And what about the people that accepted these loans. Reading a loan agreement is not rocket science. Understanding the difference between ARMs, IO, and Regular (Traditional) Mortgages is not rocket scientists.
It seems that you are trying to absolve the idiots that signed the mortgage agreements of their guilt and complicity. Those same idiots that listened to the media go on and on and on about how houses were a sure investment. Those same idiots that bought into all the hype about home prices always going up. Hype that was pushed by advertisers of mortgages, and thus was clearly biased.
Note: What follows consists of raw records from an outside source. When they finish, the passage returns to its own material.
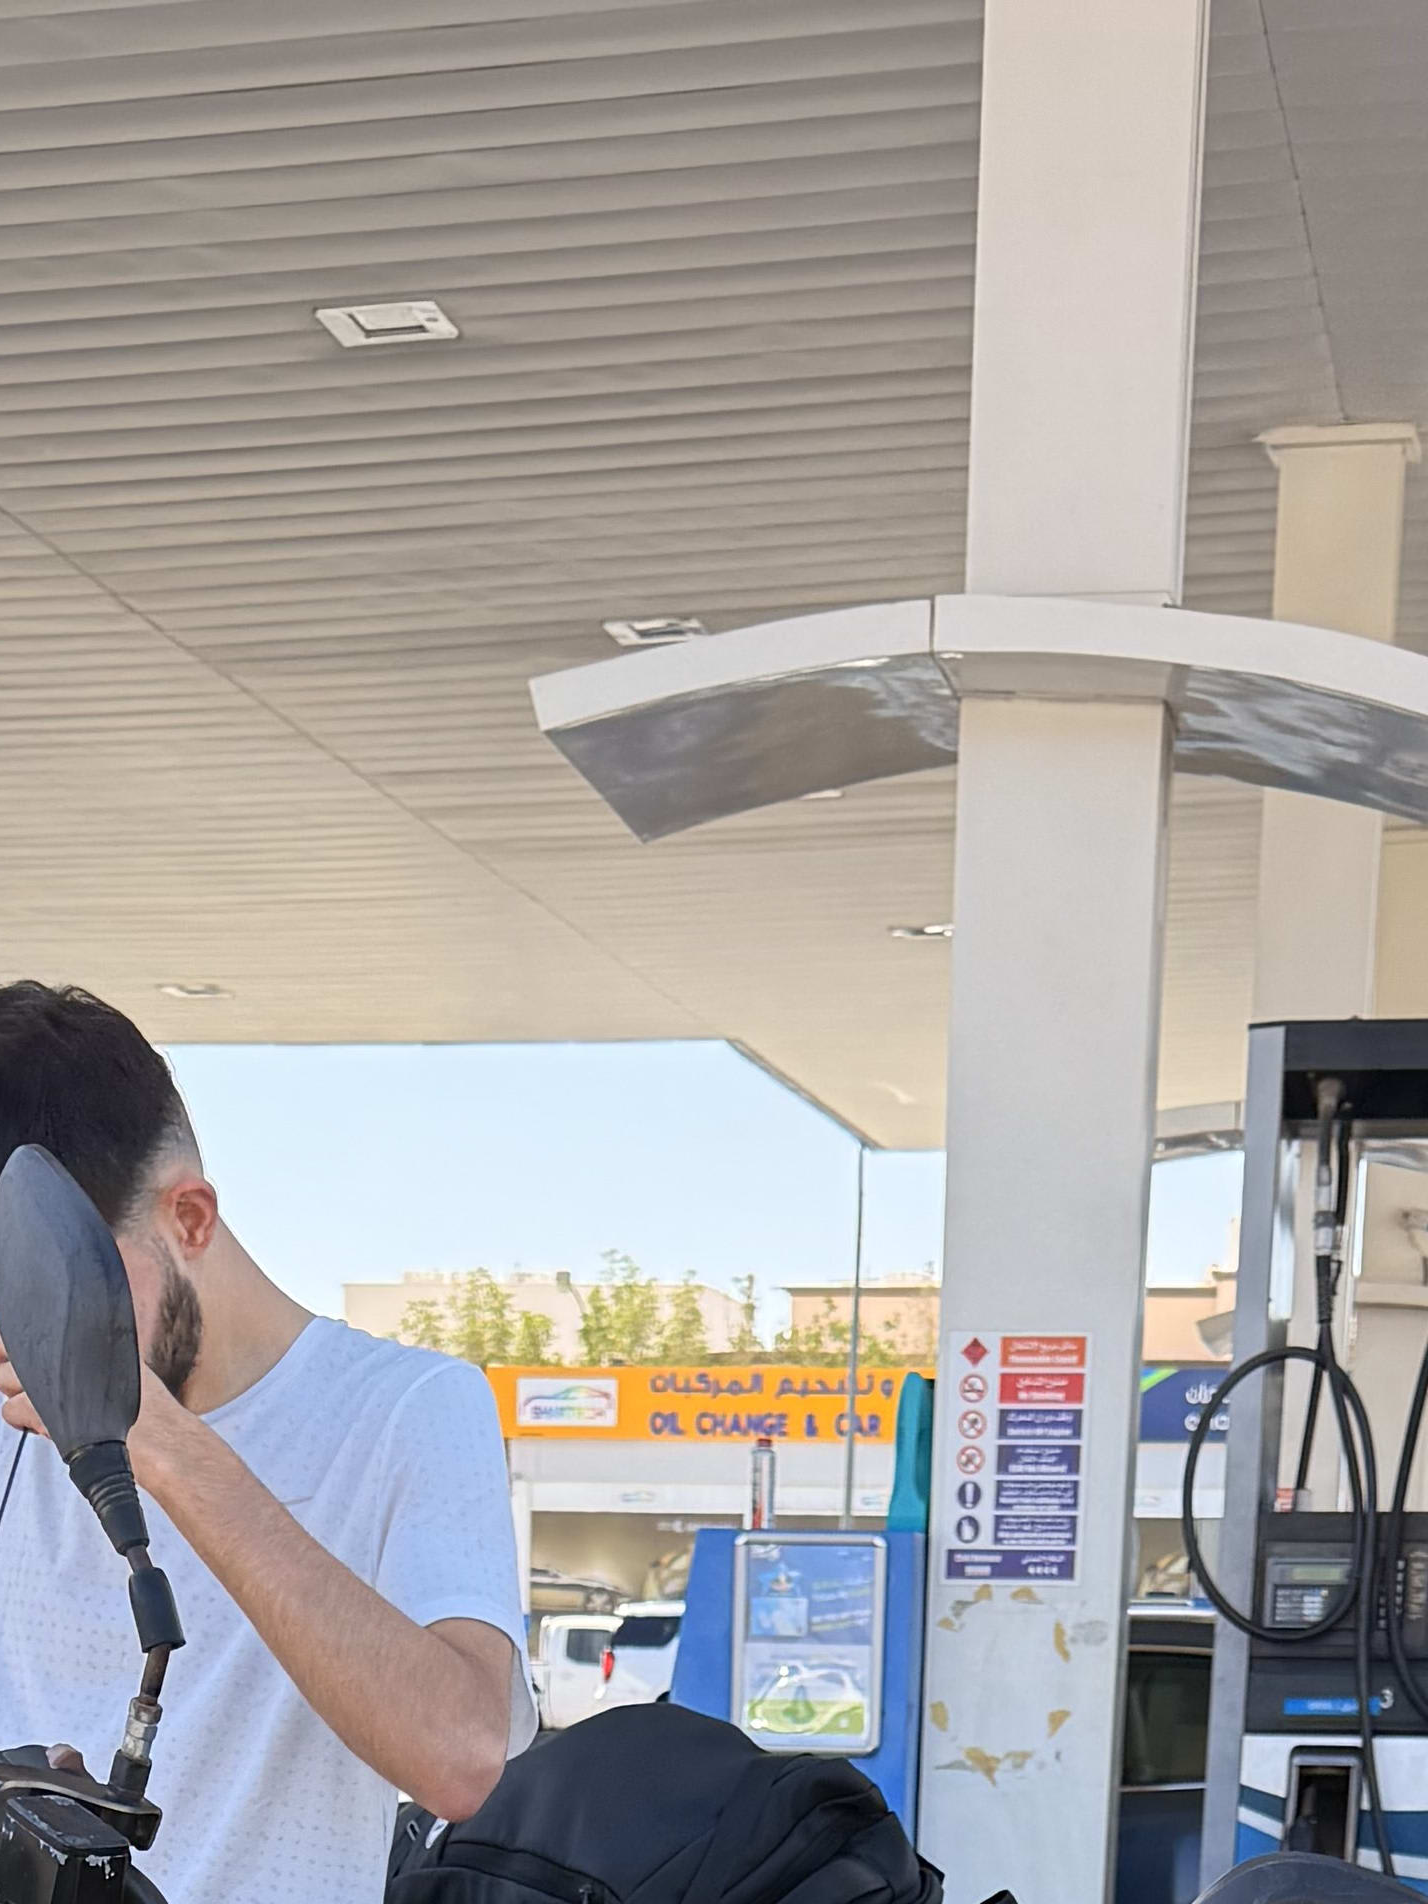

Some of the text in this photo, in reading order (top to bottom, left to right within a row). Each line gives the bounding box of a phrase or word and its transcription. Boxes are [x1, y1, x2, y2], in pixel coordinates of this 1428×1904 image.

[650, 1411, 686, 1435] OIL
[696, 1411, 789, 1438] CHANGE
[835, 1412, 881, 1438] CAR
[1379, 1688, 1394, 1709] 3
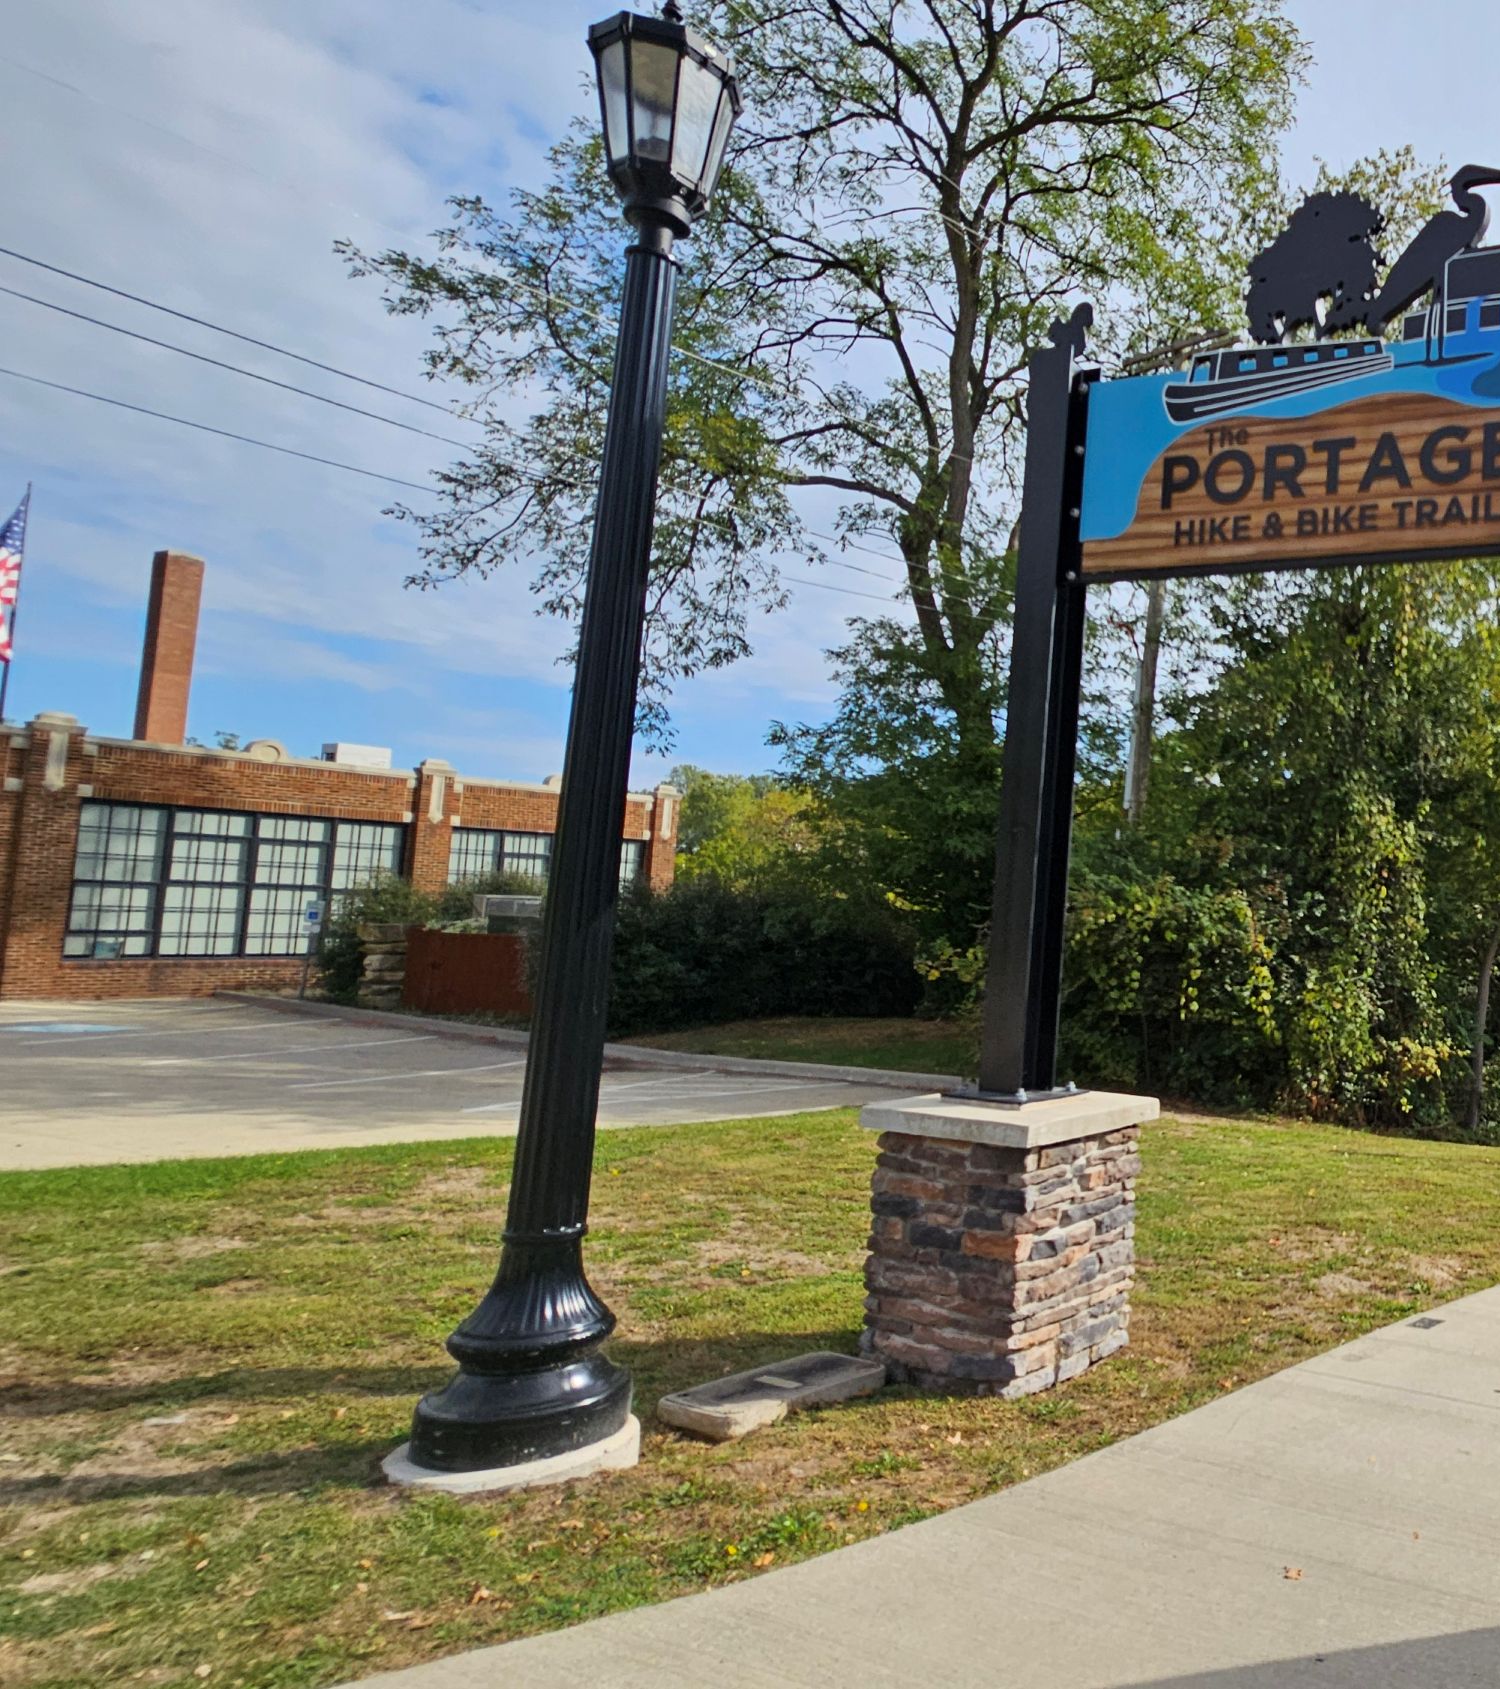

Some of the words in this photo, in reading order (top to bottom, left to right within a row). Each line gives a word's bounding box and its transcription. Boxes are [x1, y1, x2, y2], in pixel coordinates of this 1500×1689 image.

[1205, 426, 1250, 455] The
[1173, 514, 1252, 546] HIKE
[1262, 511, 1283, 539] &
[1297, 504, 1379, 537] BIKE
Free market, keep on thinking that Med, sooner or later history will flatten you. The crisis was the result of government interference in the markets. Feel good legislation that dictated that banks must make loans to people that could not afford them. When those loans were turned into securities, hedged, traded, insured, re-insured, and then had a massive derivatives market created, the entire foundation of the market was compromised.
Greedy bankers?
I don't see the bankers being any greedier than they were 400 years ago when the idea of Fractional Reserve Banking was created (another problem.)
Of course, the fact that banks are no longer allowed to invest depositor funds is also a contributing factor. Another place where the government interfering in the market has caused problems.
Add onto the fact that it became illegal or difficult for banks to own investment firms and you have another contributing factor in the crisis. Banks have changed their revenue models over the last several decades, but the investment firms haven't. With out access to the millions in revenues that the banks had the investment firms were incapable of covering their losses.
Losses caused by Greed, but the question is what spurred them to act in the fashion that they did. The answer to that must be government regulation.
Inflationary Money Policies that add 3 - 5%/year to returns required just to maintain purchasing power.
Taxes, which also add another 1 - 2% or more to the returns required to just maintain purchasing power.
Of course the bankers also want a real return of 5- 10%, so ontop of the 4 - 7% that the bankers need due to the interference of the government, they need an additional 5 - 10%. Which means they were searching for returns of 9 - 17%. Add overhead, and you probably add requirements for another 3 - 5% in returns, which boosts the total up to 12 - 22%.
There are no safe investments that can return that much. So the banks were forced to invest in higher risk items.
Government Interference in the markets caused this problem.